■ TO DO:
The entries that follow must be given again exactly, with the pictures excluded.

■ RECORDS SHOWN:
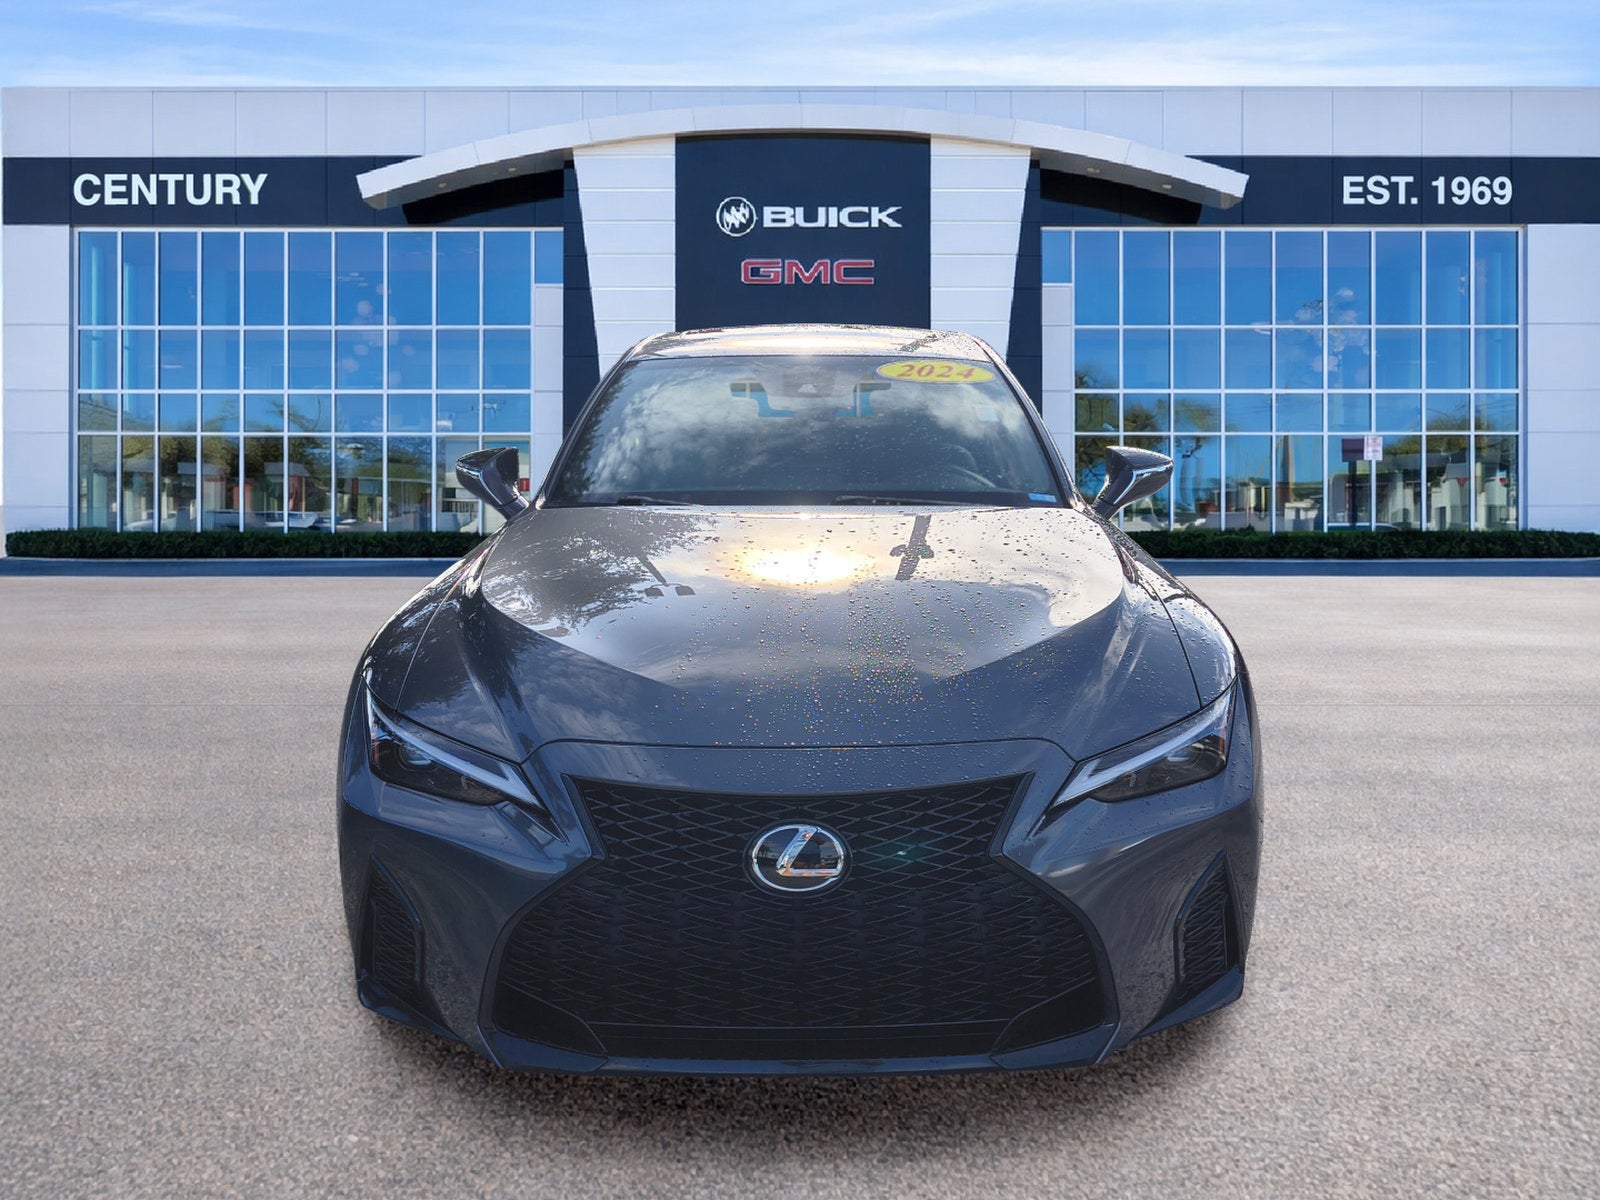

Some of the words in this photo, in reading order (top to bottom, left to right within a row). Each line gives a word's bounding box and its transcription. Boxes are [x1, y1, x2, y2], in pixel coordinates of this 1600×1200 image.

[73, 173, 268, 206] CENTURY
[1343, 175, 1418, 205] EST.
[1431, 176, 1513, 205] 1969
[763, 206, 903, 228] BUICK
[741, 258, 875, 285] GMC
[896, 363, 977, 379] 2024
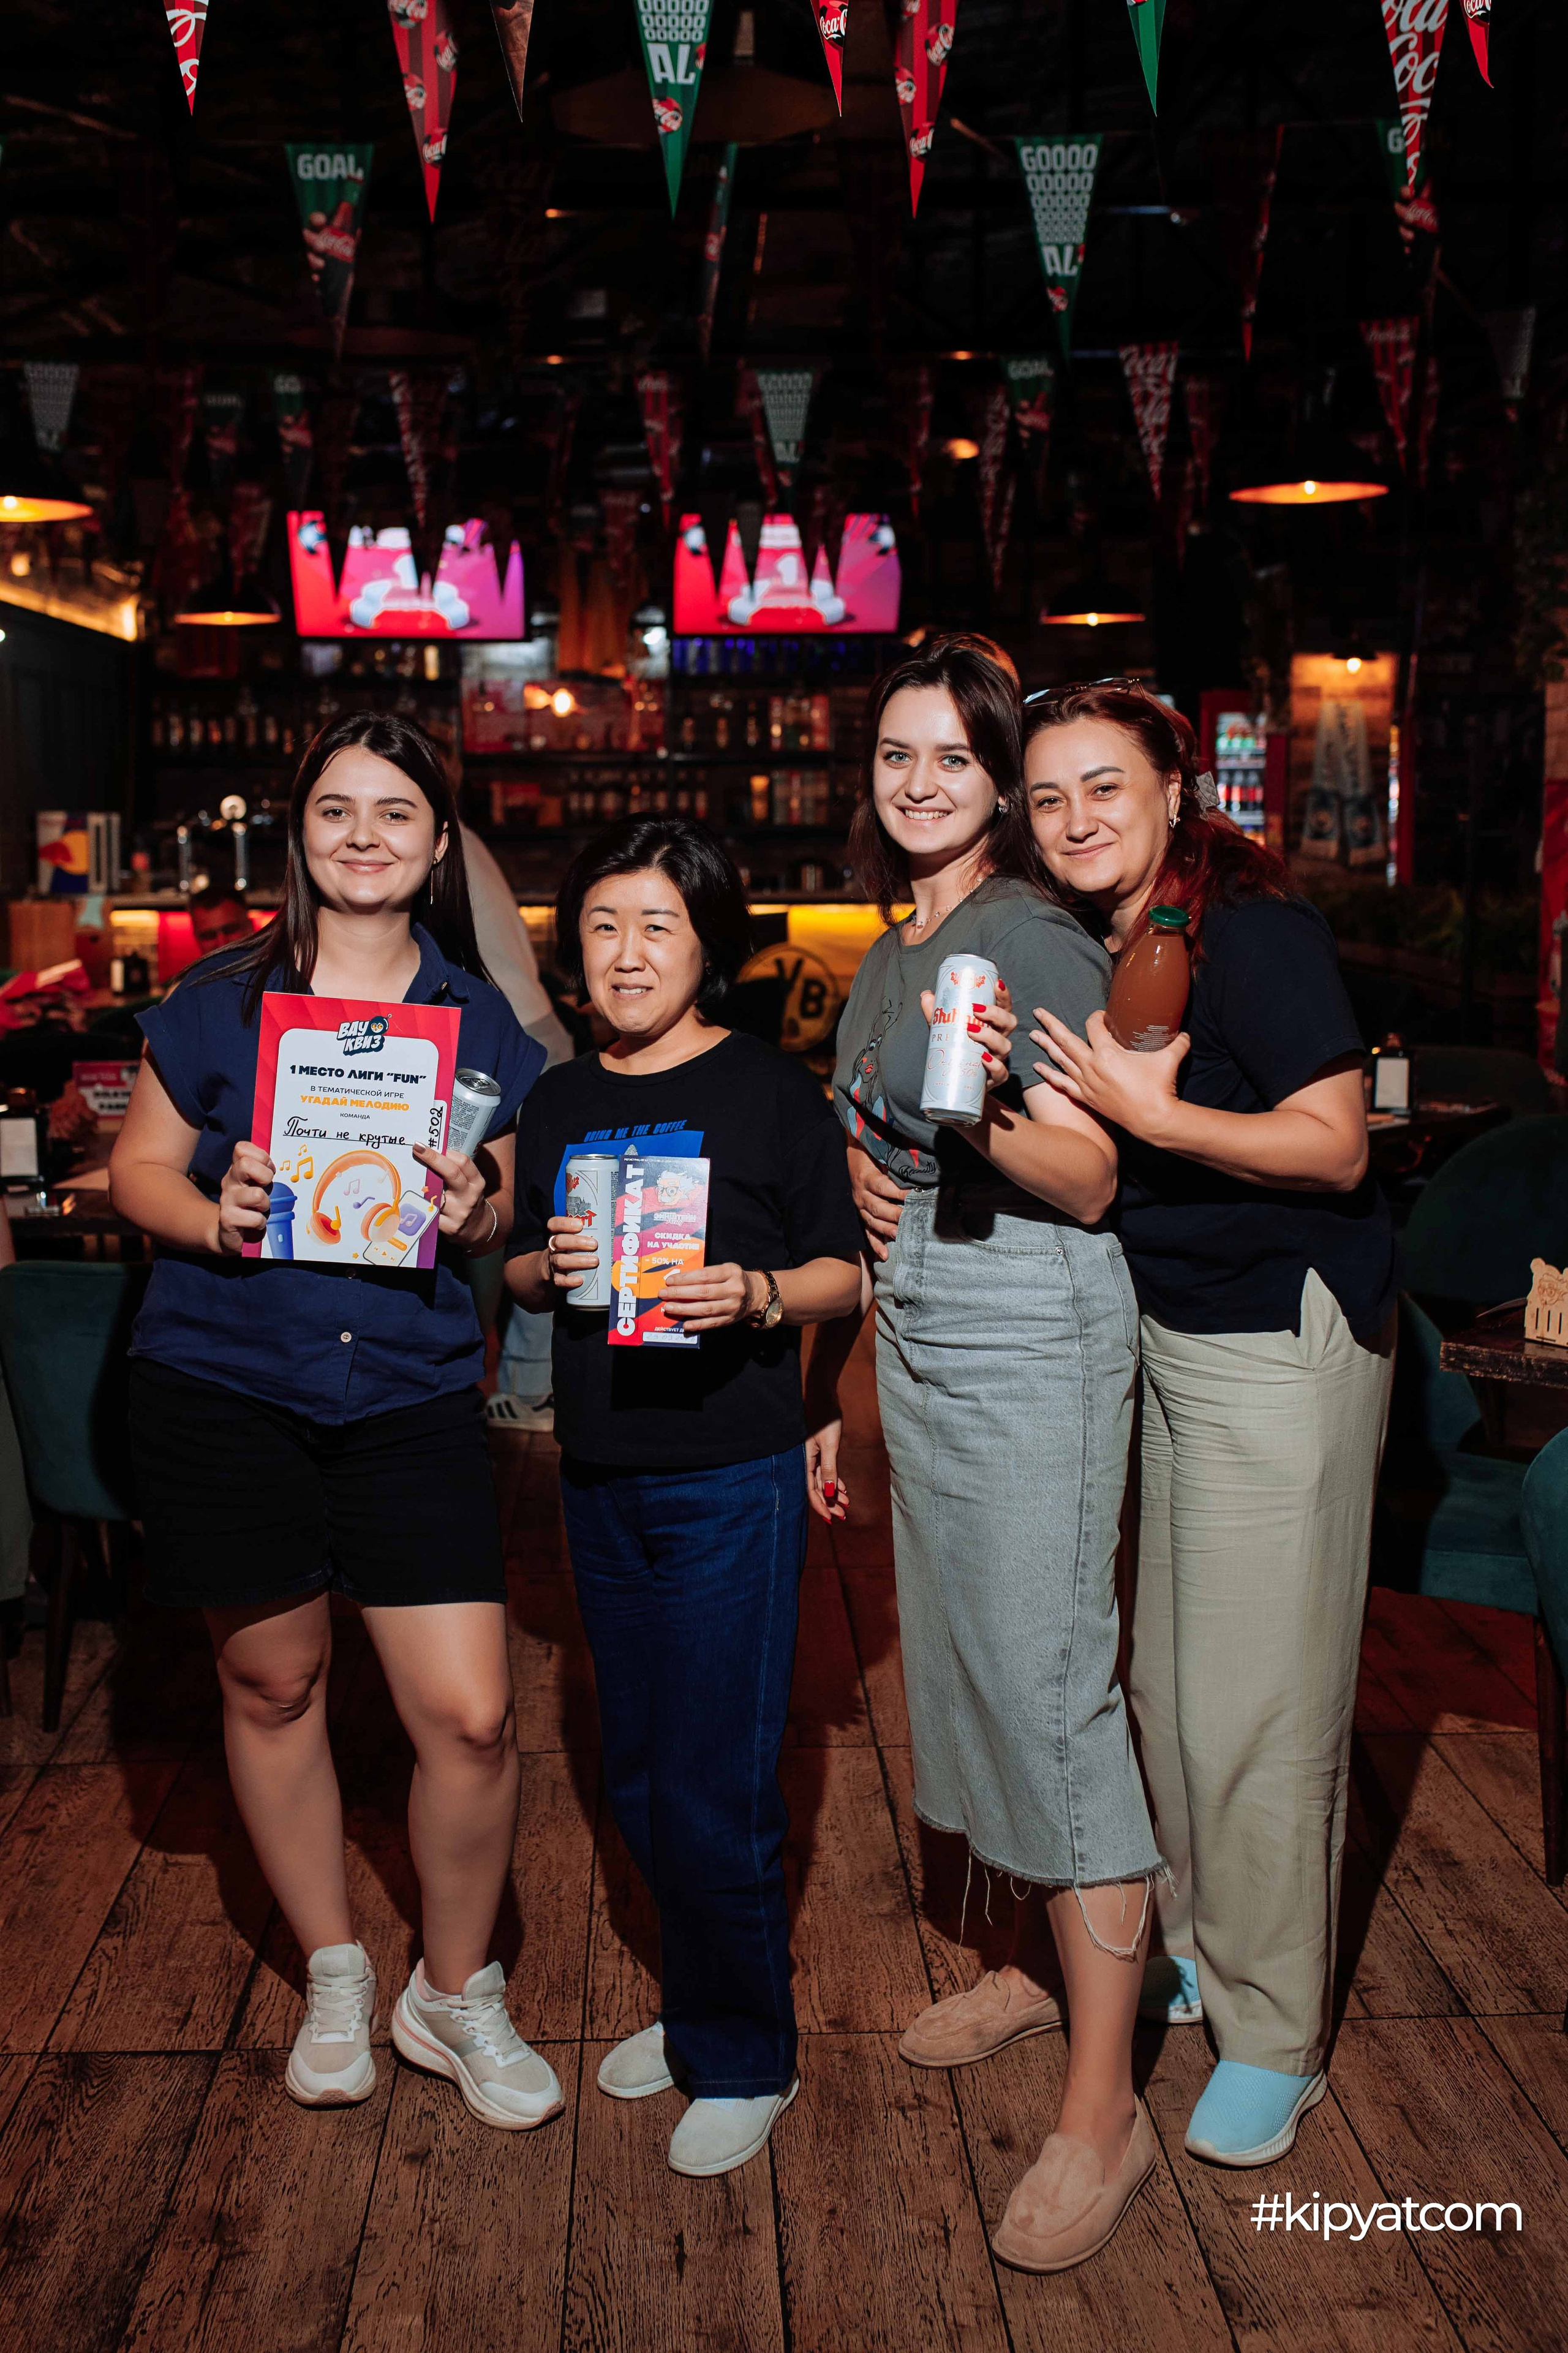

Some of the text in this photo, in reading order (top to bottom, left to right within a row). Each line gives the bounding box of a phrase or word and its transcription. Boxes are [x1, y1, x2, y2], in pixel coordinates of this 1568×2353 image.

[647, 42, 696, 84] AL
[297, 153, 364, 180] GOAL
[1020, 144, 1098, 172] GOOOO
[1042, 245, 1079, 277] AL
[337, 1021, 370, 1039] ВАУ
[344, 1035, 382, 1052] КВИЗ
[290, 1065, 296, 1075] 1
[298, 1065, 344, 1078] МЕСТО
[347, 1069, 383, 1081] ЛИГИ
[300, 1095, 410, 1111] УГАДАЙ МЕЛОДИЮ
[318, 1086, 382, 1097] ТЕМАТИЧЕСКОЙ
[284, 1116, 405, 1149] Почти не крутые
[428, 1106, 443, 1148] #502
[614, 1127, 629, 1139] ME
[631, 1124, 650, 1136] THE
[653, 1119, 688, 1135] COFFEE
[616, 1164, 644, 1337] СЕРТИФИКАТ

■ ANSWER SECTION:
Some of the words in this photo, in reading order (top to bottom, left to right within a row). Each line gives a word's bounding box and its transcription. Boxes are [x1, y1, x2, y2], in pixel coordinates of this 1600×1200 image.

[73, 173, 268, 206] CENTURY
[1343, 175, 1418, 205] EST.
[1431, 176, 1513, 205] 1969
[763, 206, 903, 228] BUICK
[741, 258, 875, 285] GMC
[896, 363, 977, 379] 2024

Some of the text in this photo, in reading order (top to bottom, left to right within a row). Each line gives the bounding box of a phrase or word and its transcription. Boxes are [x1, y1, x2, y2], in pixel coordinates of this 1568×2353 image.

[647, 42, 696, 84] AL
[297, 153, 364, 180] GOAL
[1020, 144, 1098, 172] GOOOO
[1042, 245, 1079, 277] AL
[337, 1021, 370, 1039] ВАУ
[344, 1035, 382, 1052] КВИЗ
[290, 1065, 296, 1075] 1
[298, 1065, 344, 1078] МЕСТО
[347, 1069, 383, 1081] ЛИГИ
[300, 1095, 410, 1111] УГАДАЙ МЕЛОДИЮ
[318, 1086, 382, 1097] ТЕМАТИЧЕСКОЙ
[284, 1116, 405, 1149] Почти не крутые
[428, 1106, 443, 1148] #502
[614, 1127, 629, 1139] ME
[631, 1124, 650, 1136] THE
[653, 1119, 688, 1135] COFFEE
[616, 1164, 644, 1337] СЕРТИФИКАТ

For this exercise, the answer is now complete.